Laura Dern grew up acting in a man’s world. Then ‘Jurassic Park’ inspired her inner feminist badass

Actress Laura Dern
Laura Dern says playing the divorce lawyer in “Marriage Story” was wild. “Playing a woman in a position of power, who’ll never lose her cool — was crazy.”
(Jay L. Clendenin/Los Angeles Times)

Noah Baumbach’s “Marriage Story” is full of wonderful performances from stars Adam Driver and Scarlett Johansson among others, but one of the most memorable is Laura Dern’s. No surprise; the actress was born into Hollywood royalty via dad Bruce Dern and mom Diane Ladd, and routinely turns in firecracker performances. But as bulldog divorce lawyer Nora, Dern (who also appears in “Little Women” this season) is clearly having a blast — and could scoop up a third Oscar nomination, if not her first win. Over tea and scones at New York City’s Whitby Hotel, the actress talked about divorce, childhood acting perils and the critical role of correct jungle footwear.

You clearly had fun playing Nora.

Oh, yeah. The script was perfect. Flawless. Her red high heels are written into it. But playing a woman in a position of power, who’ll never lose her cool — was like, crazy. It’s wild to play that kind of agenda without insecurity.


How much did you help develop her?

For the year we spent with Noah there was this collaboration. Adam, myself and then Scarlett had a year and a half of dinners and conversations, sharing love stories, heartbreaks, childhoods — everything. Noah said, “I want to make a love story through the lens of divorce.” That was an amazing gift — because we got to define how to do that together. I felt giddy.

Your parents divorced when you were young, and you went through a divorce yourself, from Ben Harper, in 2010. Was playing Nora cathartic, letting you get it all out in a — fake — courtroom?

I’ve walked through it in so many different ways with so many people — as a child, best friend, ex-wife. It’s a romance. It’s a tragedy. At times it’s a horror film. You have a marriage until you sign that paper. It’s a really messed up system. I could have done it better for my kids, made it more amicable.

Yet some people end up doing it multiple times.

The bravery of thinking of marrying again — I don’t know. I have not remarried. [Divorce is] not something I’d want to do again.


You’ve spoken about really catching the acting bug while shuttling between your parents’ films in the 1970s. Then you began acting at age 11. Over the decades, how have you witnessed the backstage atmosphere changing?

As a young actress there was only one other woman even on the movie — the script supervisor. I never saw another [on set]. There was no gender diversity, and no comfort zone as a child. It was such a man’s world. It has changed immensely, which is exciting — but there’s still a long way to go.

You self-emancipated at 13 so you could work more; did you ever feel unsafe while working?

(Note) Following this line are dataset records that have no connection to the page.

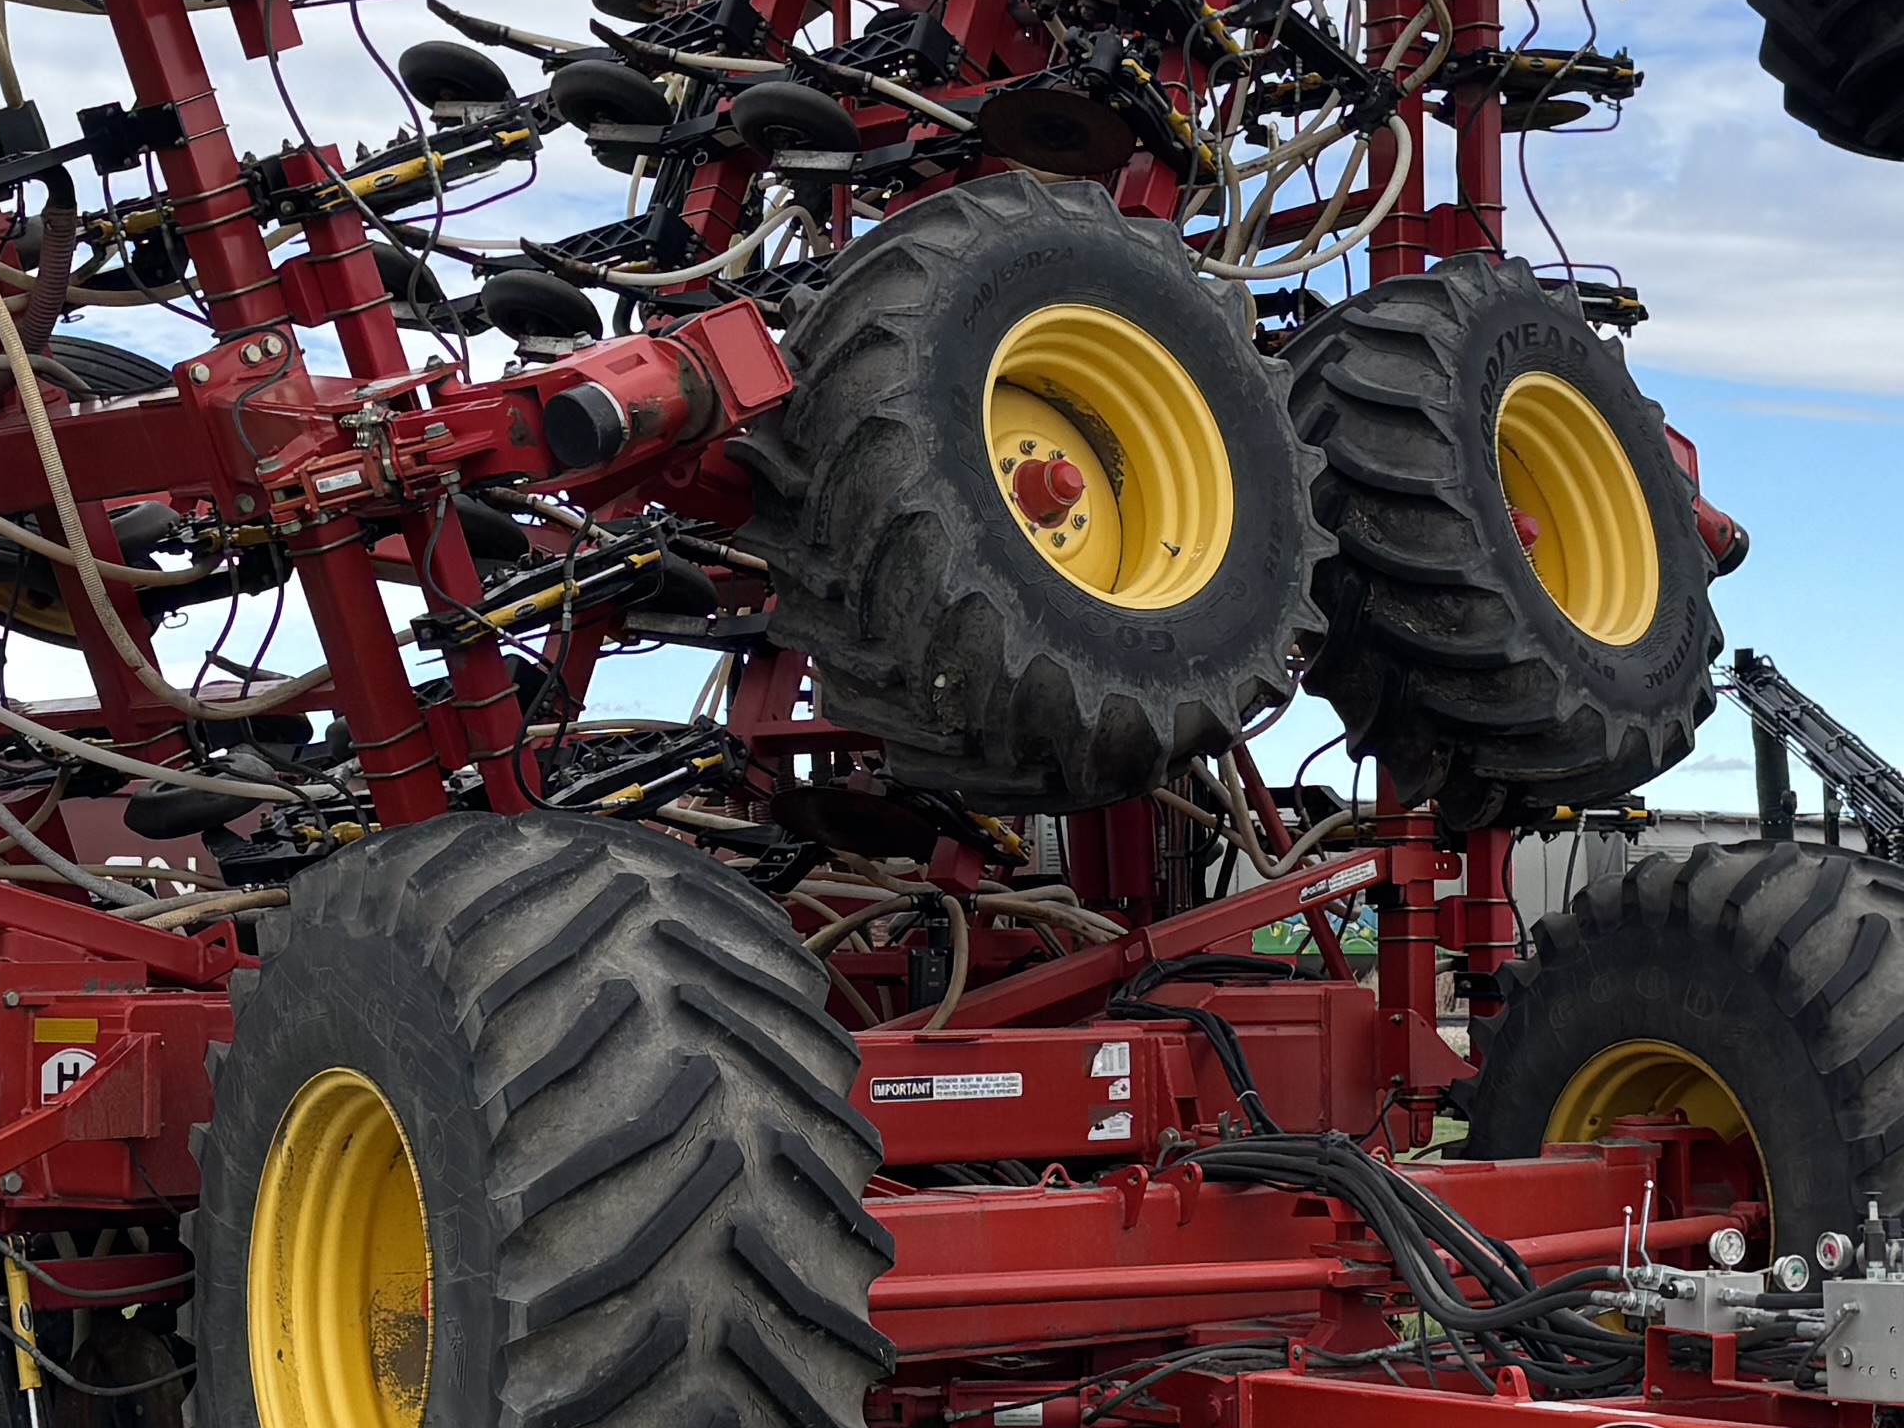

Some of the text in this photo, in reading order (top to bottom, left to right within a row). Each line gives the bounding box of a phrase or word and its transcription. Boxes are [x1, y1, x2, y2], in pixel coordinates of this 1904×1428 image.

[963, 246, 1075, 332] 540/65R24
[1480, 322, 1588, 483] GOODYEAR
[1644, 595, 1698, 690] OPTITRAC
[57, 1061, 81, 1094] H
[873, 1081, 932, 1098] IMPORTANT

What’s scary is, I’m like, “I’m 13, I can take an elevator downstairs” and the person in the elevator is attempting to be inappropriate — and the doors opened and my guardian was there. So I was protected and still palpably aware of it at times. Definitely had a couple of run-ins. I was very lucky it didn’t end up far worse. But at the time, I had no idea it was wrong. I just knew it was scary, and a person made me uncomfortable. Even at 15, 16 I had an audition with a great director at the Chateau Marmont and I was called up to his room to sit on a bed because it was the only place to read material. Nothing happened — he was a professional.

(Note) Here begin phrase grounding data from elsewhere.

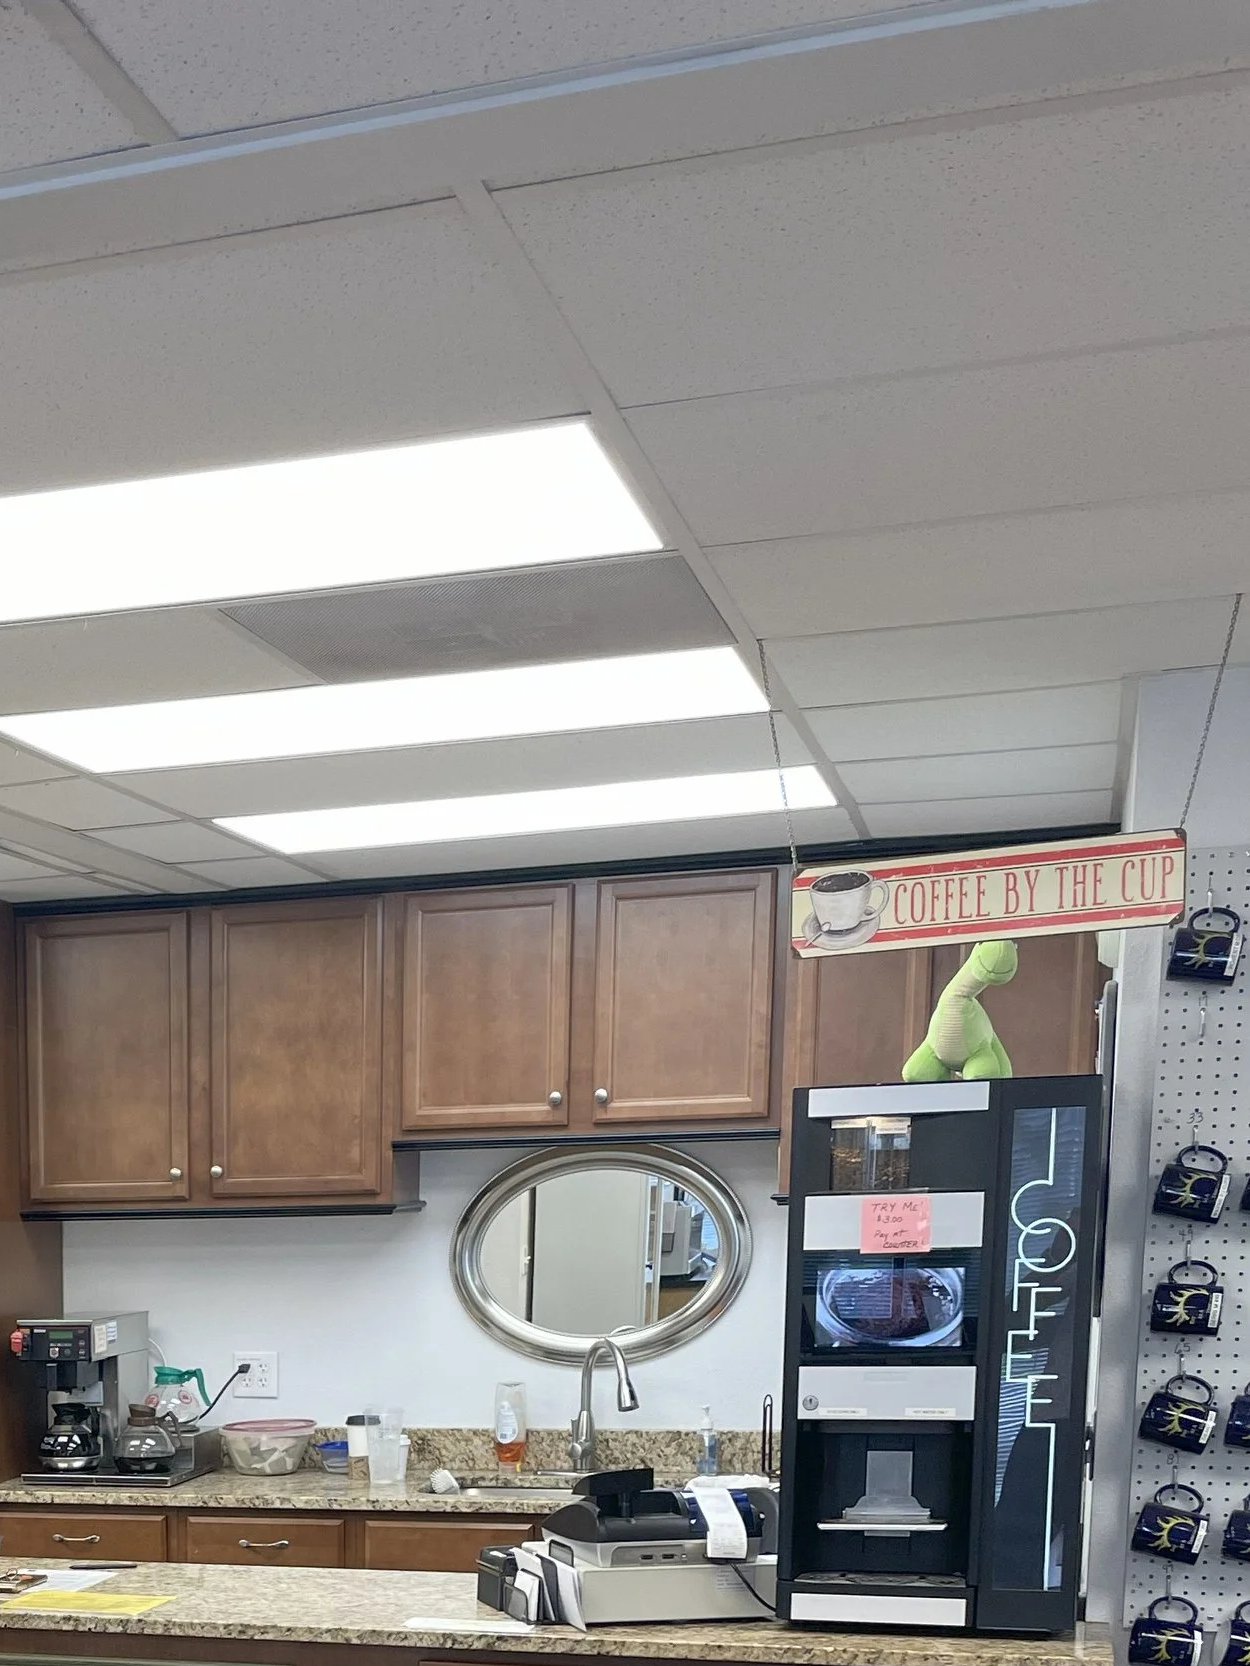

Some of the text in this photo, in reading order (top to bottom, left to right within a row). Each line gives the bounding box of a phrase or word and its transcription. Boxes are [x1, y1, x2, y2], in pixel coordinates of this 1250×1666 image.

[894, 855, 1175, 925] COFFEE BY THE CUP
[1187, 1112, 1204, 1124] 33
[870, 1202, 897, 1213] TRY
[877, 1214, 903, 1223] $3.00
[1006, 1180, 1076, 1427] COFFEE

You have a 14-year-old daughter, Jaya. Have you warned her away from the business?

Jaya knows everything. These young women I’m around because of my daughter are very comfortable presuming their right to be in the boardroom or to have any job. They are on it. I’m letting her find her way, and feel through all of it.


Before we wrap, I see you’re returning to “Jurassic Park” for the third installment of the reboot in 2021. You’ll be reprising the role of paleobotanist Ellie from the first “Jurassic” film in 1993. Why?

Well, Steven Spielberg called me. Let’s start there. I love Ellie Sattler the most of all the characters I’ve played. Every single day since I made that movie, someone tells me about her. Steven really wanted to make a feminist, iconic badass amid the big boys in a big action movie.

There was a bit of a kerfuffle when the franchise rebooted in 2014 and Bryce Dallas Howard was spotted running around the jungle in high heels. Can you assure us that Ellie will have sensible shoes?

I can promise you that. We’re gonna bring back our Timberlands.